Morality and the Tenth Commandment Part Three
The Ninth Commandment: Bearing False Labels
This is a Last Crusade article. If you are not familiar with the Last Crusade, you can find the articles here and here. It is a new movement devoted to Christ, Constitution, Chivalry.
Thou shalt not bear false witness against thy neighbor. (Exodus 20:16)
This is the next instalment in my series of articles investigating how we might view morality differently than it was viewed 150 years ago. To this end, I am examining each of the Ten Commandments to see if our views about what they represent has changed—if we might be accidentally accepting as normal concepts that those who came before us knew to be wrong.
As with Commandment Ten, when I first sat down to consider the Ninth Commandment, I thought: well, that’s pretty obvious. We all know it’s not good to lie about each other, right? I don’t think anything has changed.
Fake news came to mind, as fake news is bearing false witness against our neighbor. But, while we might argue about which news is fake and which is real, I don’t think any of us believes fake news is a good thing.
As I prayed more, however, one thing did come to me—a way in which we regularly bear false witness against each other, and even ourselves, without perhaps realizing it.
A deliberate lie is false witness, but misrepresentation is also false witness. One way of misrepresenting people is to label them.
What is a label?
A label on a can tells us what it in it. A can of corn says: Corn. That is an accurate label, and nothing is missing.
But if labels help us identify things, why should we avoid them?
Well, if you had a can of corn, and you called it Starch, the label would express only part of what the can contained.
A great deal of the labels we put on people today are like Starch or far, far worse than Starch.
They bear false witness against the “Image and likeness of God.”
Currently, there are three such labels: Political, medical, and personality.
The first kind of label is when you cut off conversation with a person who does not agree with you by calling them a name. Common names for this include: racist, homophobe, cuck, islomophobic, Churcian, bigot, etc.
In reality, there may be people whose actual words and behaviors merit such objections. But that is seldom how these words are being used on social media. More often, these labels are used preemptively, not to correct a real error in thinking but to cut off conversation before it can begin.
“I believe X…”
“YOU ARE A [insert favorite derisive label here].”
This extremely common use of labels isn’t helpful. It does not produce less racists, cucks, or bigots. Instead, it is a power play. It is designed to make one’s opponent quail and go on the defensive. It results either in groveling or in rejection and anger.
Calling names in this manner bears false witness against one’s neighbor.
Medical labels are very popular. All sorts of things that used to be merely a quirk or “well, that’s how he is” now have a name and a ism to go with them.
It used to be that when old Uncle Tad was a bit loony because he did X, he may have been odd, but he was an individual. But nowadays, Uncle Tad is an ism. Instead of looking at people and getting to know their personal quirks, we assign a label. He’s autistic. She’s OCD. He’s ADHD.
The problem with these kind of labels? Two things:
1) Labels of these sorts are meant to help identify problems for the sake of helping the person. But, in reality, often they become short cuts for not paying attention.
When we think we know, we stop noticing. We stop seeing. We assume.
So the label tends to have the result of making those who are suffering less visible.
2) In my church, we make a point of trying not to label people. I have read many testimonies in our periodicals that follow this pattern:
A teacher takes over a class. There is a student with label X. The teacher refuses to see the student as X but rather works to see the student as the “image and likeness of God” as defined in Genesis 1. By the end of the year, the student’s behavior had entirely changed. There was no vestiges left of behavior X.

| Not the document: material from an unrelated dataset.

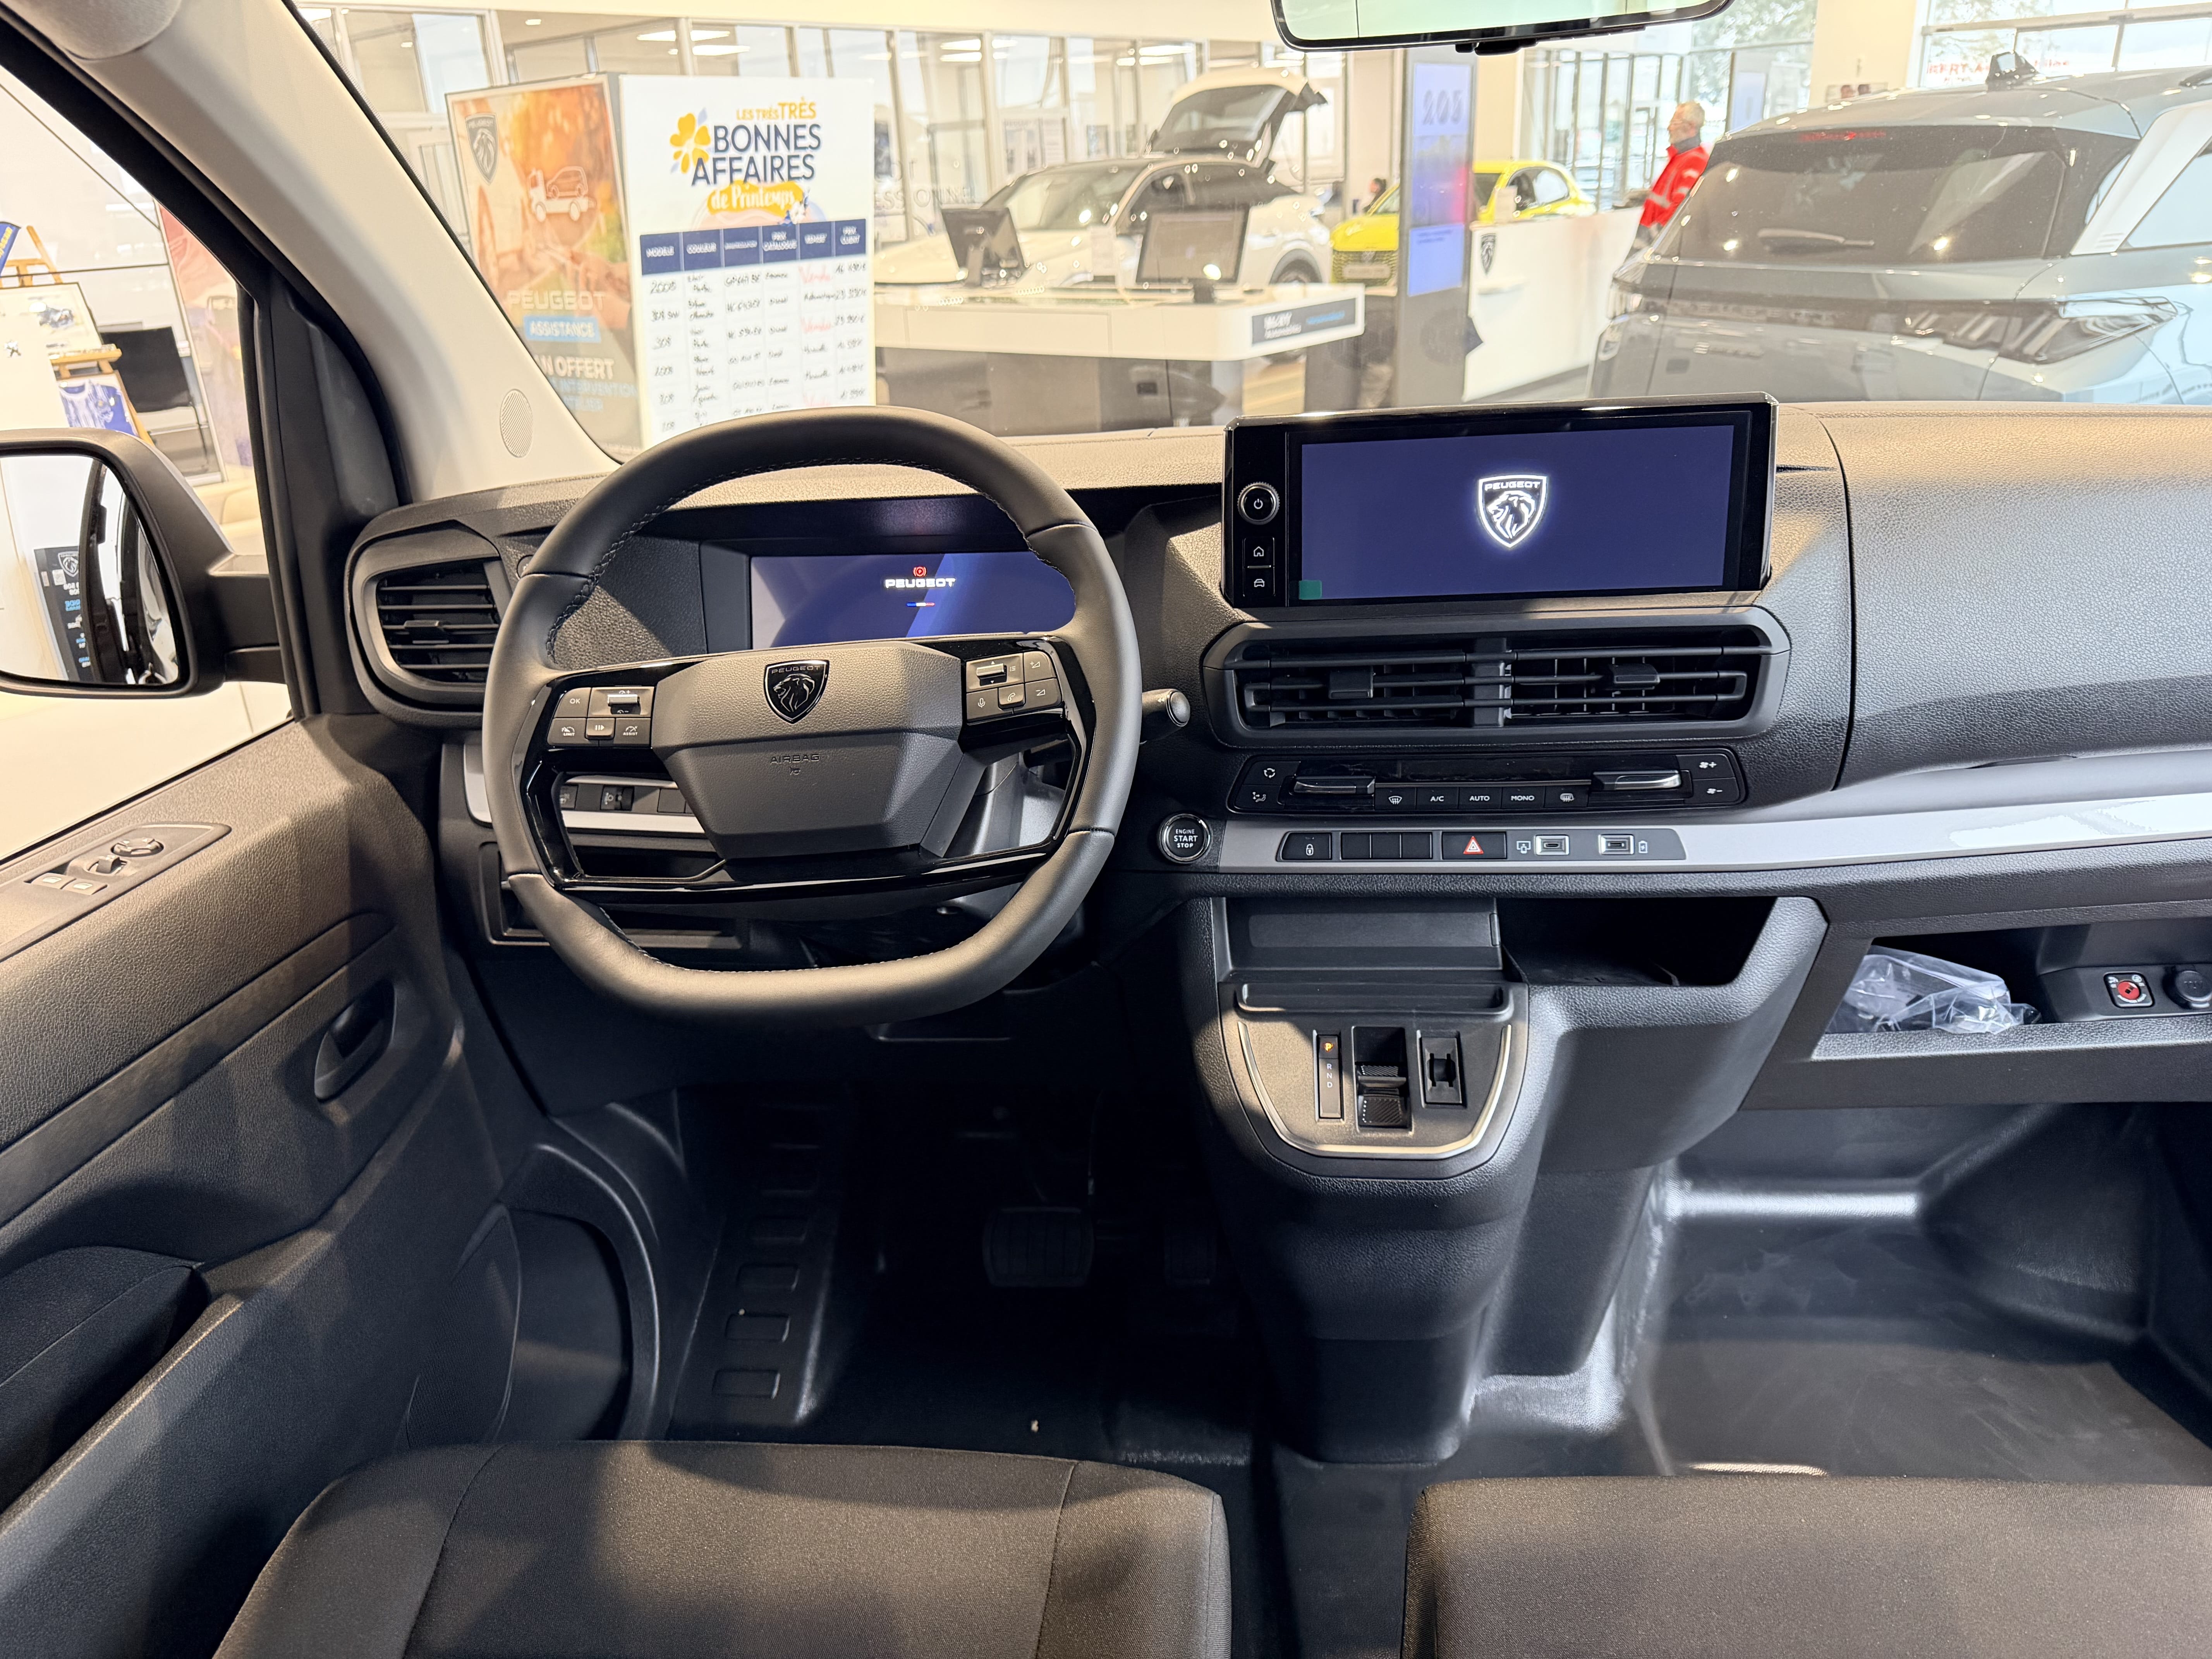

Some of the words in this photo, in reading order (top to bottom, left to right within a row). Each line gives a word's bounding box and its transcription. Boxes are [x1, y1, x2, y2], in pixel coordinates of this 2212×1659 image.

A human being is not autistic or OCD or AHDH.
Those qualities are not what defines them. A human being is not an illness. A human being is the image and likeness of the One Altogether Lovely—who are merely currently suffering from the condition of…pick your label.

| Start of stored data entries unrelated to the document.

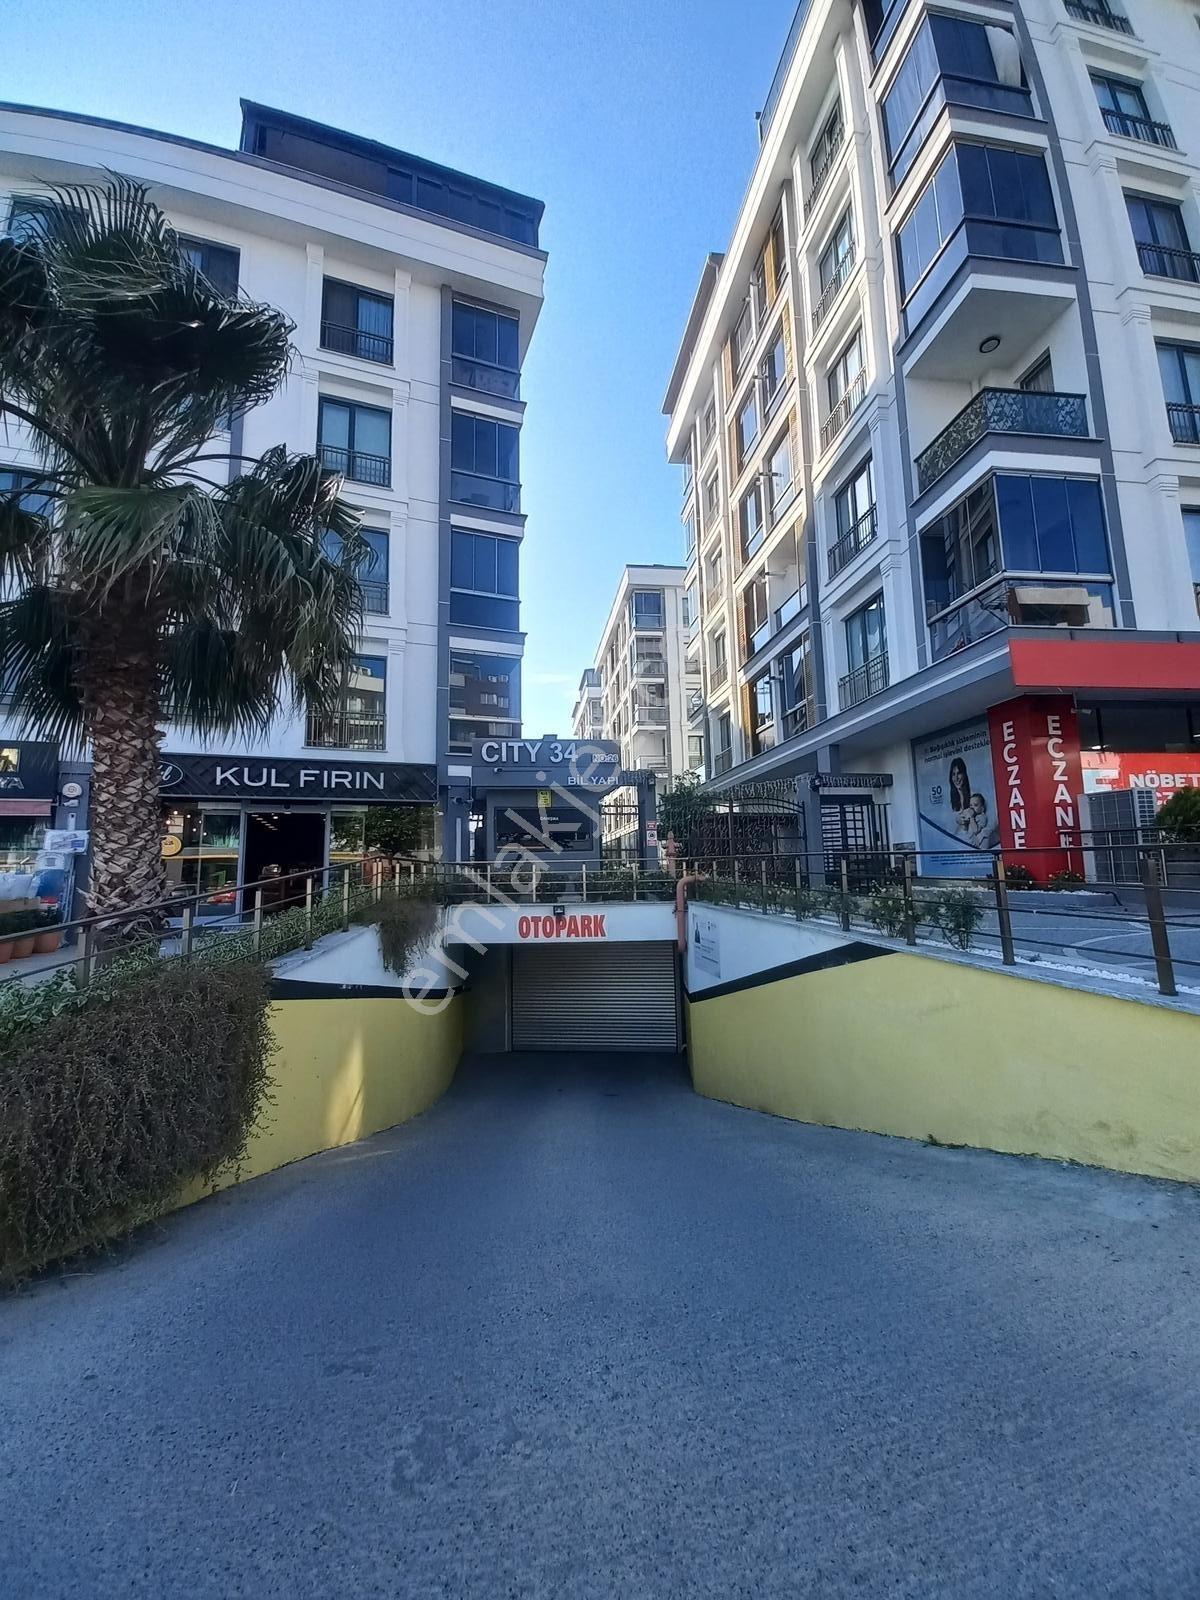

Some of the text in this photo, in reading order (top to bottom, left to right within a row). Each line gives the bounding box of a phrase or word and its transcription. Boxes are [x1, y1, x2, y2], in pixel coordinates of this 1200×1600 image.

[481, 741, 579, 763] CITY 34
[216, 766, 385, 790] KUL FIRIN
[567, 774, 619, 785] BİL YAPI
[1003, 721, 1027, 849] ECZANE
[1047, 715, 1074, 848] ECZANE
[1128, 769, 1200, 788] NÖBET
[931, 785, 942, 796] 50
[518, 914, 606, 939] OTOPARK

If we speak or think otherwise, we are bearing false witness against our neighbor.
The third type of popular labeling is often self-inflicted. These are personality labels. She’s a Capricorn. He’s INTJ.

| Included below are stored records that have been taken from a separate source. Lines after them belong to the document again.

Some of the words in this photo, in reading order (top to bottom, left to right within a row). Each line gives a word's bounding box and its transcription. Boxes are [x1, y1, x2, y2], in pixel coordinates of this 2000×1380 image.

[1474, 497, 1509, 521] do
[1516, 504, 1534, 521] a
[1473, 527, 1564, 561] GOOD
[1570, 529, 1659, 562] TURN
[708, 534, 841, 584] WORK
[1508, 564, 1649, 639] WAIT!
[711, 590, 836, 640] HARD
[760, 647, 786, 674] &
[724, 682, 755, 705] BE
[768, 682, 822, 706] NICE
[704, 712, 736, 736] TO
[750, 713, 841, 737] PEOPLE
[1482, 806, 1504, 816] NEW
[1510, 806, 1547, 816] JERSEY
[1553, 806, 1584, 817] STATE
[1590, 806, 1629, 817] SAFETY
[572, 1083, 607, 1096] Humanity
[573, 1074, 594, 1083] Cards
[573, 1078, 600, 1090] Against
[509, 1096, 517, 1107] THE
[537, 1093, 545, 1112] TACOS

Grouping people into personality types in order to help produce more harmonious work groups may have legitimate value.
But when we go beyond that we venture into dangerous territory.
We begin to limit our expectations of what we can do and excuse our shortcomings by explaining that we are an X-type personality, so said shortcoming is part of our package, because X-type people do that.
At this point, we have become like the can of corn labeled Starch.
The many glorious aspects of our being, bestowed upon us by our Creator, are being reduced to a few limited ideas.
Buying into personality labels is bearing false witness against ourselves.